During the last year, we went to many security testing conferences and fairs. In describing what we do and what our product is intended for, we have experienced some confusion. While the meaning of software testing is clear, the difference between functional testing and non-functional testing is not always evident. Many of the people we met were not sure if security testing falls under the category of functional testing or not. Therefore, we decided to take a look at the topic, and point out the differences between these two software testing approaches.

Functional Testing

Functional tests are conducted from the perspective of users. The main questions they ask are “Can the user do this?” (capability test), “Does the feature work?” (feature test) and “Does the software meet user expectations?” (UA/UI test) (source).
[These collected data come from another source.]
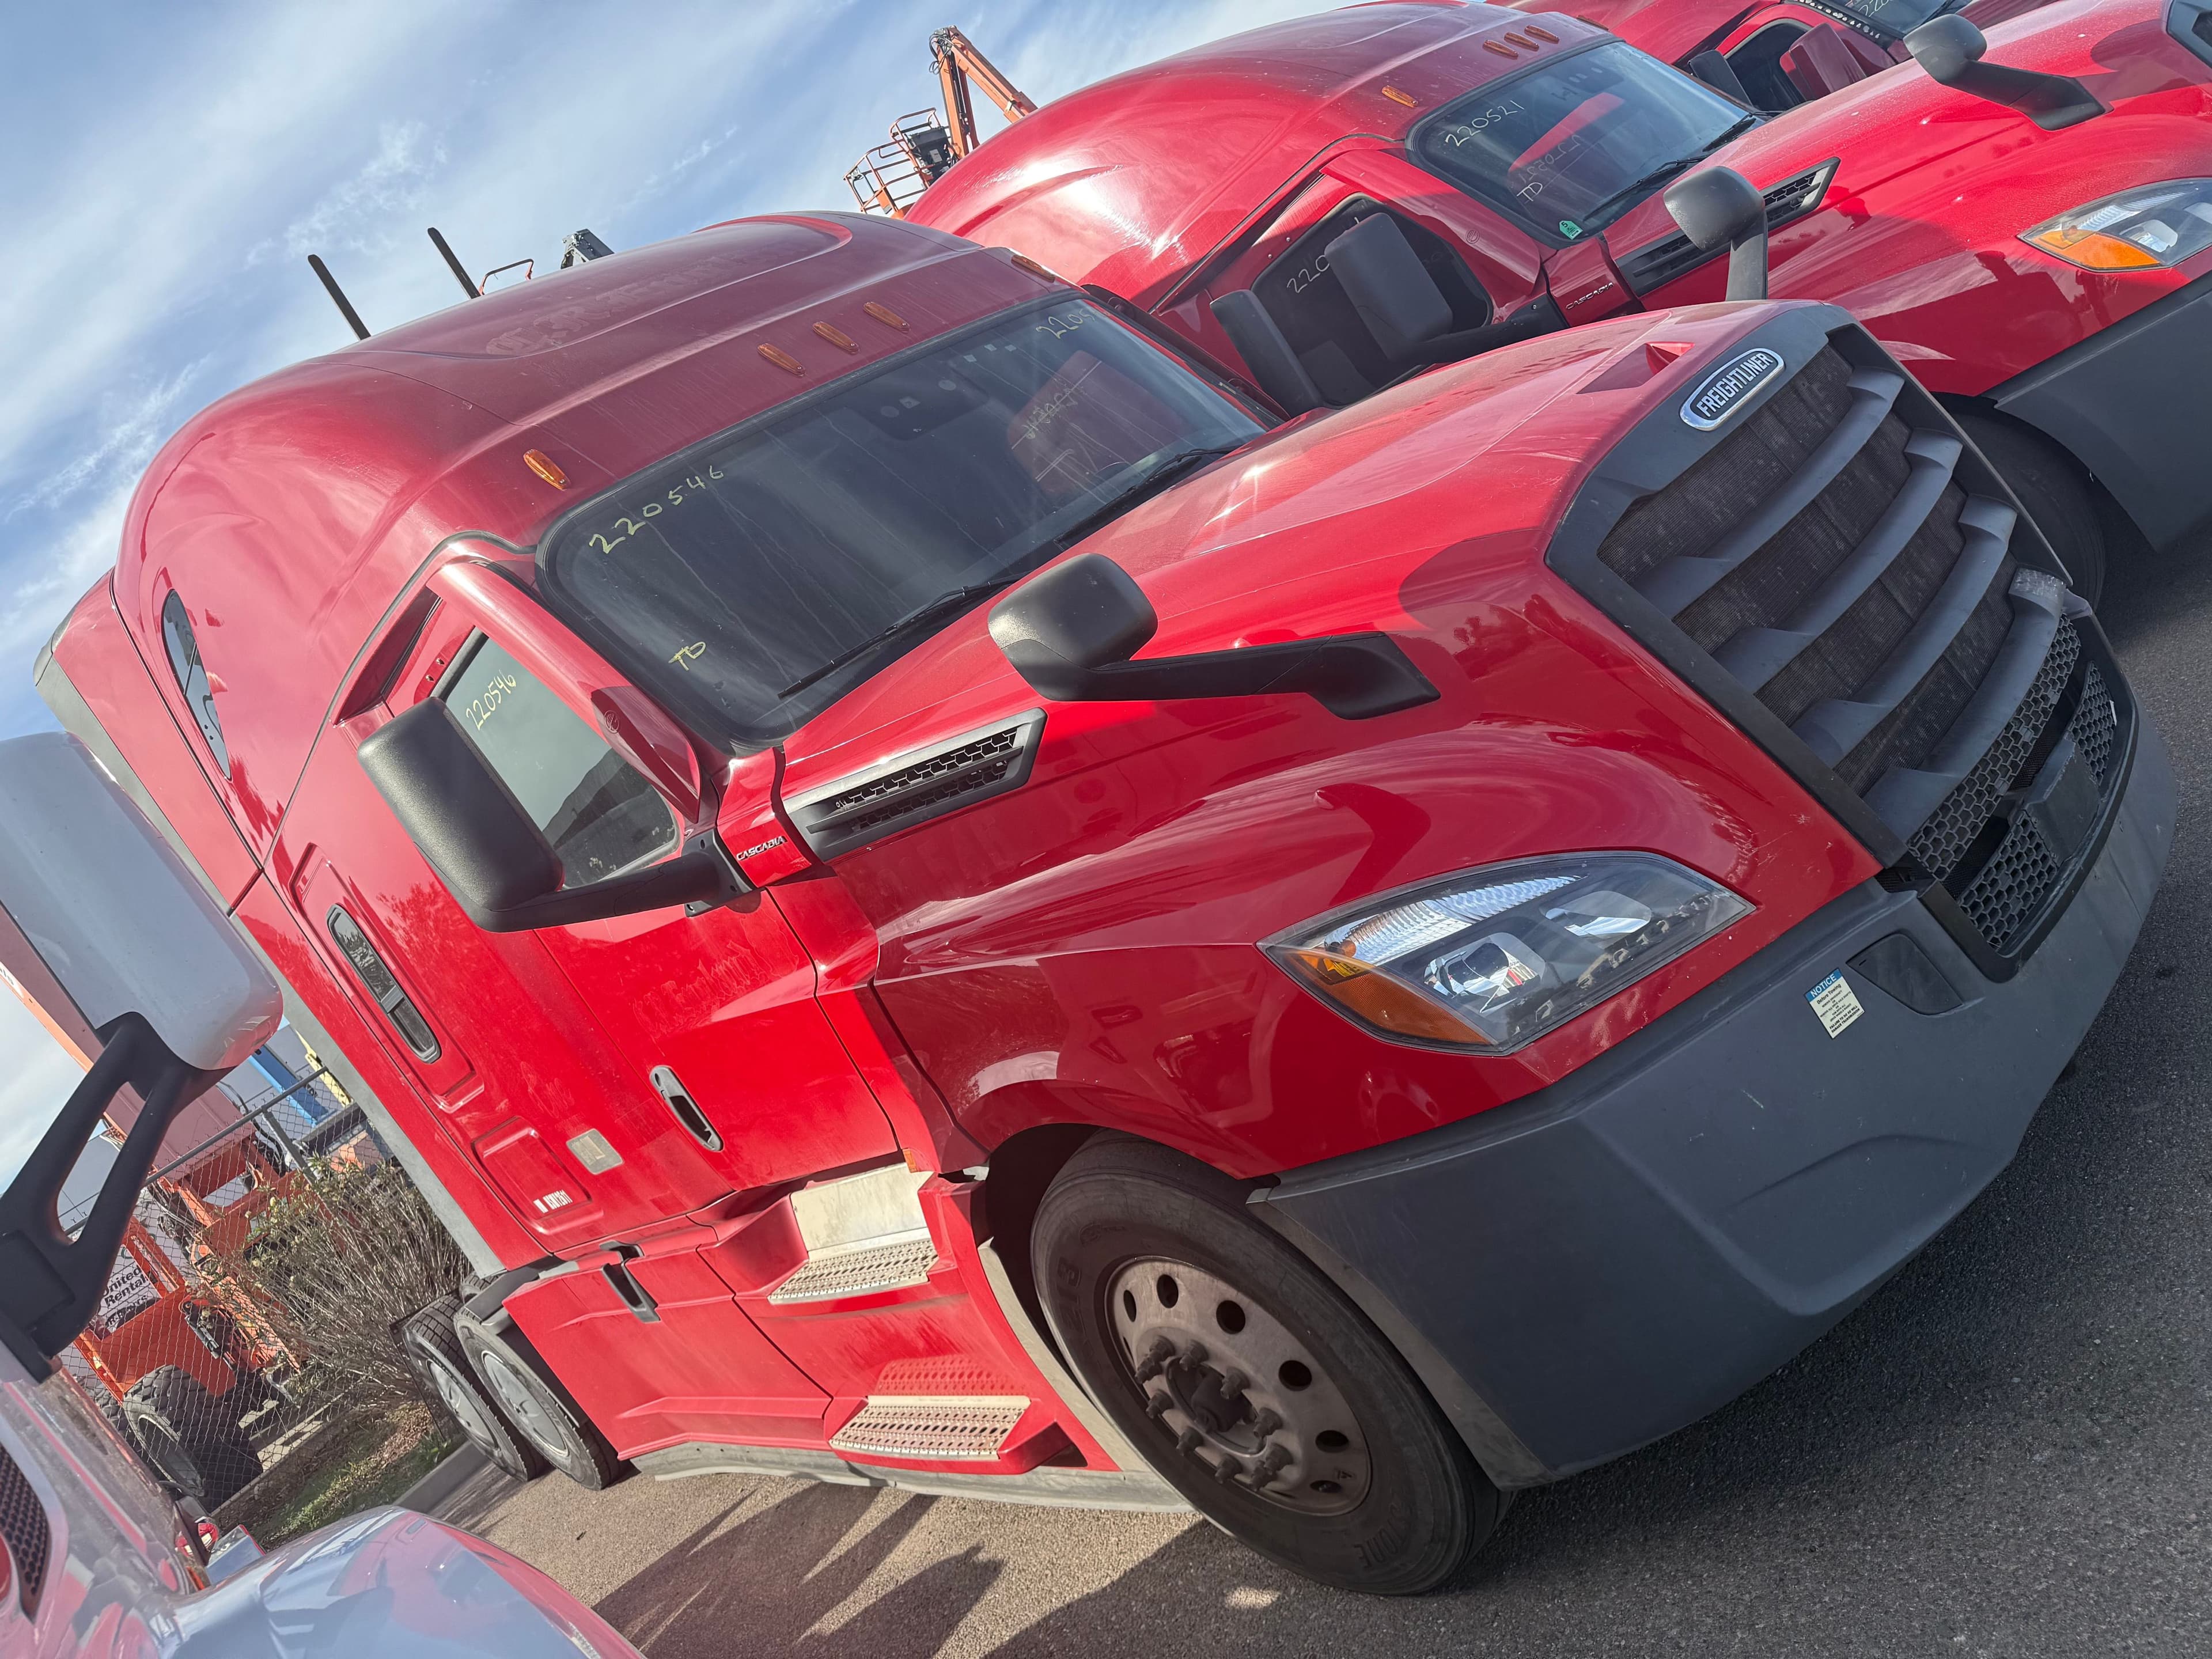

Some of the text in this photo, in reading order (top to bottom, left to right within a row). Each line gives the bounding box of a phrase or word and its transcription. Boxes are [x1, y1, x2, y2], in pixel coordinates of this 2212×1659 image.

[1445, 100, 1525, 147] 220521
[1516, 181, 1543, 202] TD
[1565, 282, 1613, 310] CASCADIA
[1696, 353, 1774, 418] FREIGHTLINER
[589, 465, 724, 554] 220546
[668, 641, 707, 671] TD
[465, 669, 517, 731] 220546
[736, 835, 787, 861] CASCADIA
[1810, 974, 1837, 998] NOTICE
[1816, 983, 1842, 1005] Before Towing
[104, 1274, 149, 1306] Rental
Thus, during functional testing, the product is tested as it is meant to be used, to assure that specific functions and activities of the code are working. This does not include security or reliability issues.

Functional testing approaches do not protect the software from unwanted third-party access.  Their purpose is rather to ensure that users cannot produce misbehaviours or catastrophic failures. Not all those who use the product do so for the original purpose, and not all users have good intentions. Issues regarding security vulnerabilities may not be detected while taking in the perspective of common users.

Non-Functional Testing

Non-functional testing concerns software issues that are not necessarily associated with a particular function or user action. This includes performance, reliability and usability issues. Basically, non-functional tests analyze how a system deals with unexpected inputs. This also includes security testing. So to answer the initial question: Security testing is as a form of non-functional testing.

Security Testing

In fact, security testing is essential for software that processes confidential data to prevent system intrusion by attackers. But not just confidential data has to be protected. IoT and embedded devices are currently among the largest boom markets. Their omnipresent integration in everyday life, as well as in critical infrastructures and industrial facilities, makes security issues unpreventable.
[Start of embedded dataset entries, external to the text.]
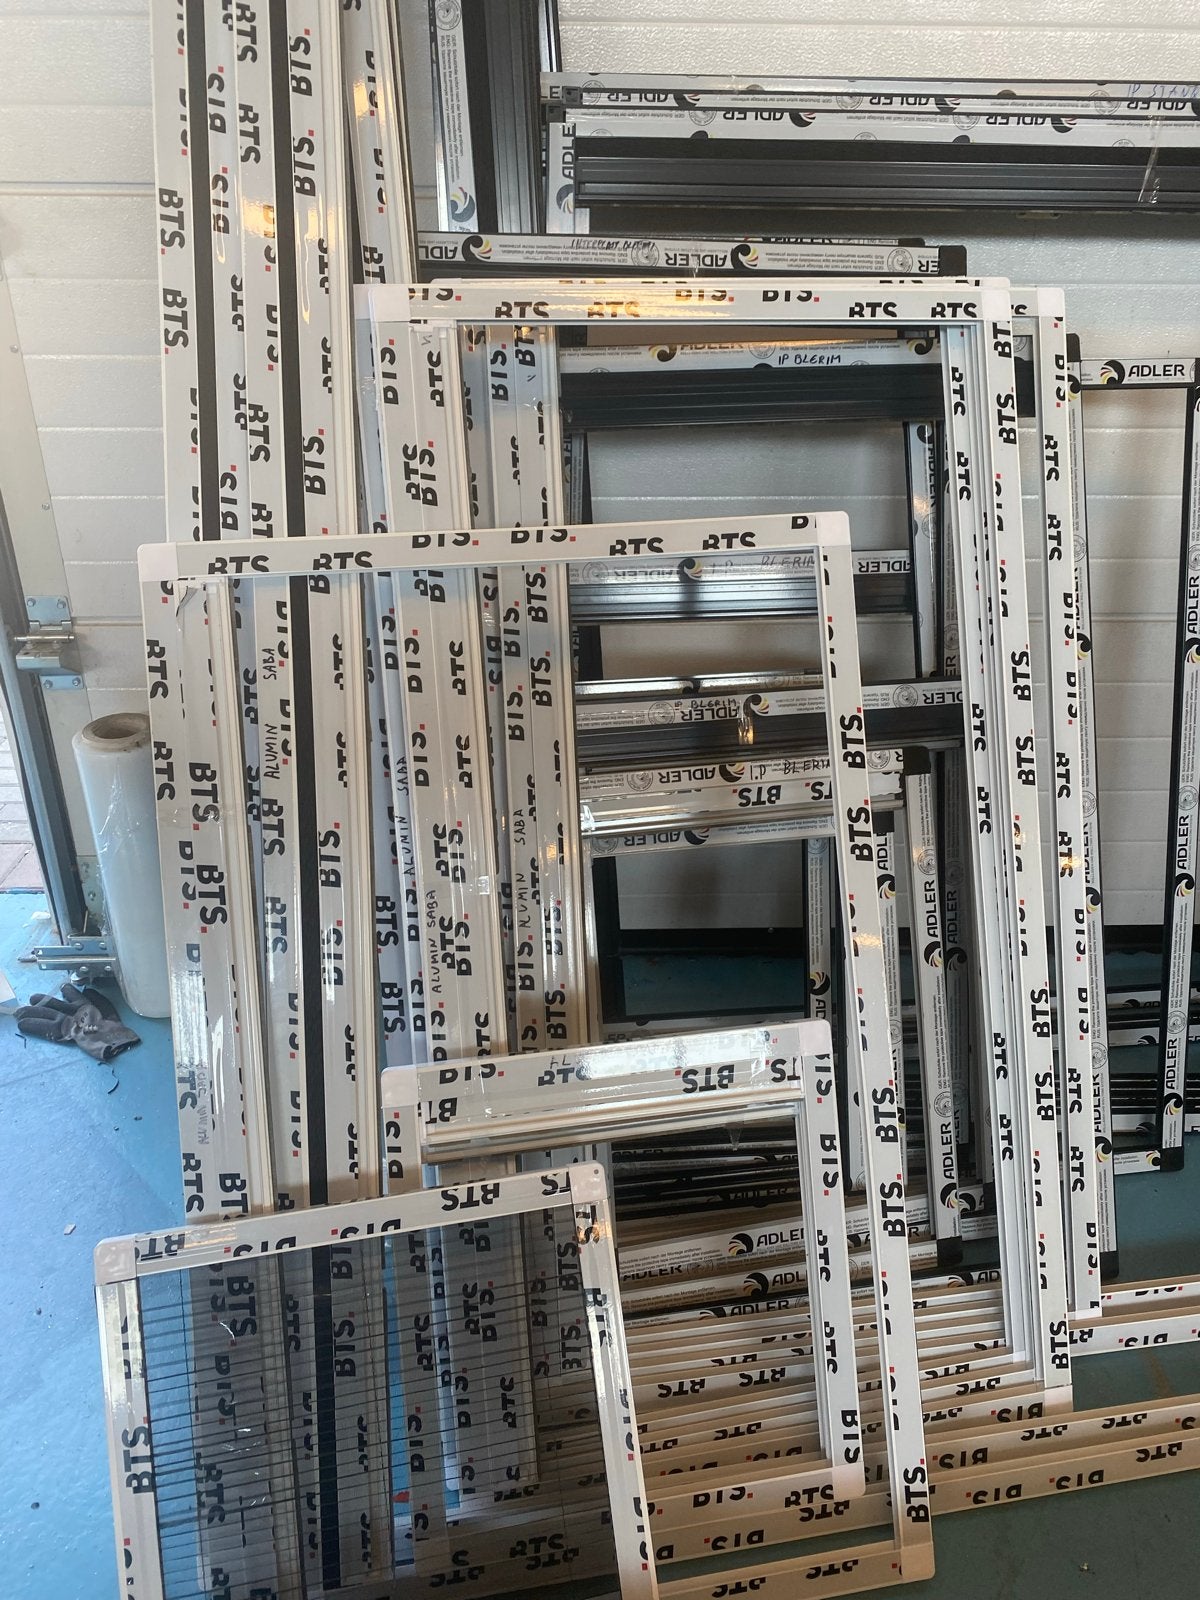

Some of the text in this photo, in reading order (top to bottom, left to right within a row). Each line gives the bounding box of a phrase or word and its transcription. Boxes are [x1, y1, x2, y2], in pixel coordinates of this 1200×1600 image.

[562, 123, 576, 179] ADLE
[418, 245, 457, 260] ADL
[665, 253, 727, 268] ADLER
[794, 354, 841, 365] BLERIM
[1128, 364, 1185, 378] ADLER
[1187, 575, 1199, 634] ADLER
[262, 648, 277, 680] SABA
[681, 705, 740, 721] ADLER
[923, 691, 963, 704] DLER
[840, 707, 866, 769] BTS.
[658, 766, 716, 784] ADLER
[847, 799, 874, 862] BTS.
[1177, 814, 1190, 870] ADLER
[924, 879, 939, 938] ADLER
[426, 889, 441, 994] ALUMIN SABA
[1165, 1037, 1178, 1090] ADLER
[872, 1079, 899, 1143] BTS.
[940, 1121, 954, 1180] ADLER
[880, 1173, 906, 1237] BTS.
[756, 1228, 804, 1247] ADLE
[772, 1270, 808, 1286] ADL
[904, 1458, 930, 1522] BTS.
However, practice shows that the code quality of software projects is often insufficient and companies lack testing experts to deal with it. Nevertheless, security testing should be a crucial part of every software development process.

Do Both!

Of course, functional and non-functional testing cannot be clearly distinguished. The lines get blurry when, occasionally, non-functional tests find functional issues or vice versa. However, this does not mean that one procedure is dispensable. The two testing methods should be conducted and evaluated independently, to ensure that all vulnerabilities are found, and a high-quality product can be offered. 

One of the main reasons why these approaches are not always sufficiently applied, is the shortage of personnel. The lack of skilled professionals makes it difficult for companies to find highly qualified developers and testers. Available developer time is therefore primarily devoted to matters with more immediate consequences than software testing. Also, applying both testing approaches together requires a lot of time and slowed down release cycles. This is why testing is sometimes neglected, despite its high relevance, and its long-term profitability. 
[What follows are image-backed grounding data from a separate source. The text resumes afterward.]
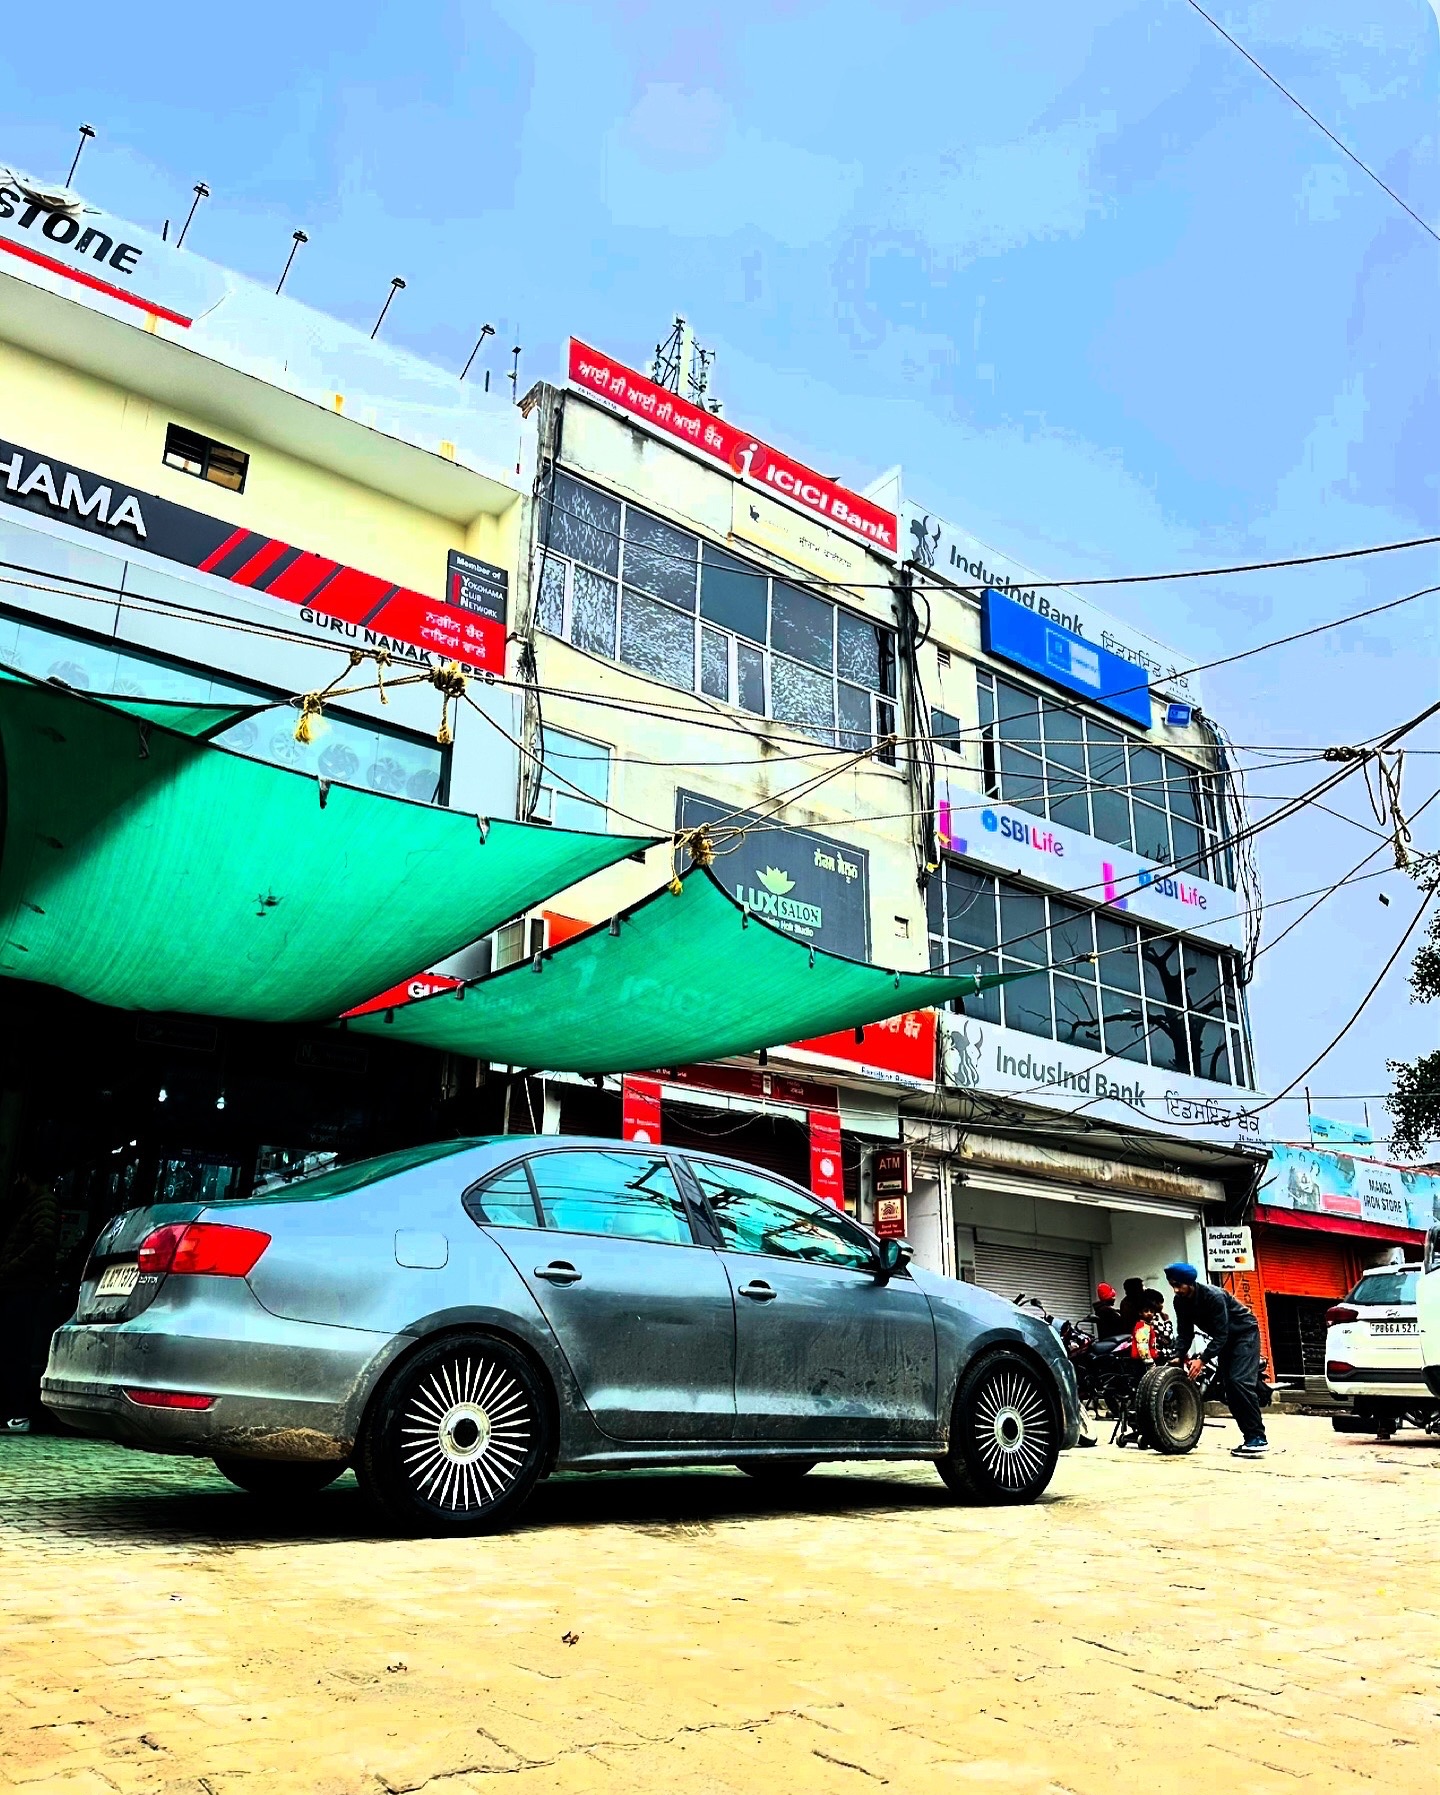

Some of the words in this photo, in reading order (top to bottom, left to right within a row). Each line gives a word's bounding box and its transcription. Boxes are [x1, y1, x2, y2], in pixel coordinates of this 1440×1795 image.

[578, 361, 610, 388] ਆਈ
[609, 376, 627, 396] ਸੀ
[627, 387, 657, 414] ਆਈ
[656, 402, 673, 422] ਸੀ
[673, 413, 701, 438] ਆਈ
[766, 464, 830, 511] ICICI
[830, 499, 891, 545] Bank
[456, 556, 490, 576] Member
[491, 571, 501, 580] of
[949, 544, 1036, 610] IndusInd
[1038, 597, 1084, 637] Bank
[300, 608, 357, 638] GURU
[363, 628, 432, 667] NANAK
[1000, 815, 1030, 845] SBI
[1032, 826, 1064, 857] Life
[736, 884, 778, 917] LUX
[781, 900, 819, 923] SALON
[1154, 874, 1179, 900] SBI
[1180, 882, 1207, 910] Life
[996, 1045, 1091, 1094] IndusInd
[1095, 1073, 1146, 1108] Bank
[879, 1156, 900, 1170] ATM
[1380, 1197, 1403, 1214] STORE
[1208, 1231, 1243, 1240] IndusInd
[1218, 1247, 1230, 1255] hrs
Continuous Testing Saves Time 

Since most development teams have little time for security testing, it even becomes more important to have the right setup and testing processes in place. Best practices for security testing usually recommend running a number of different, testing approaches in a CI/CD pipeline, with the ultimate goal to perform an automated security test with each pull requests. Fixing a bug early in the development process, saves you time and efforts, as posed by the rule of ten. That's why companies, with large development teams, such as Continental (+19k developers), rely on special tools, that help them to speed up the development process.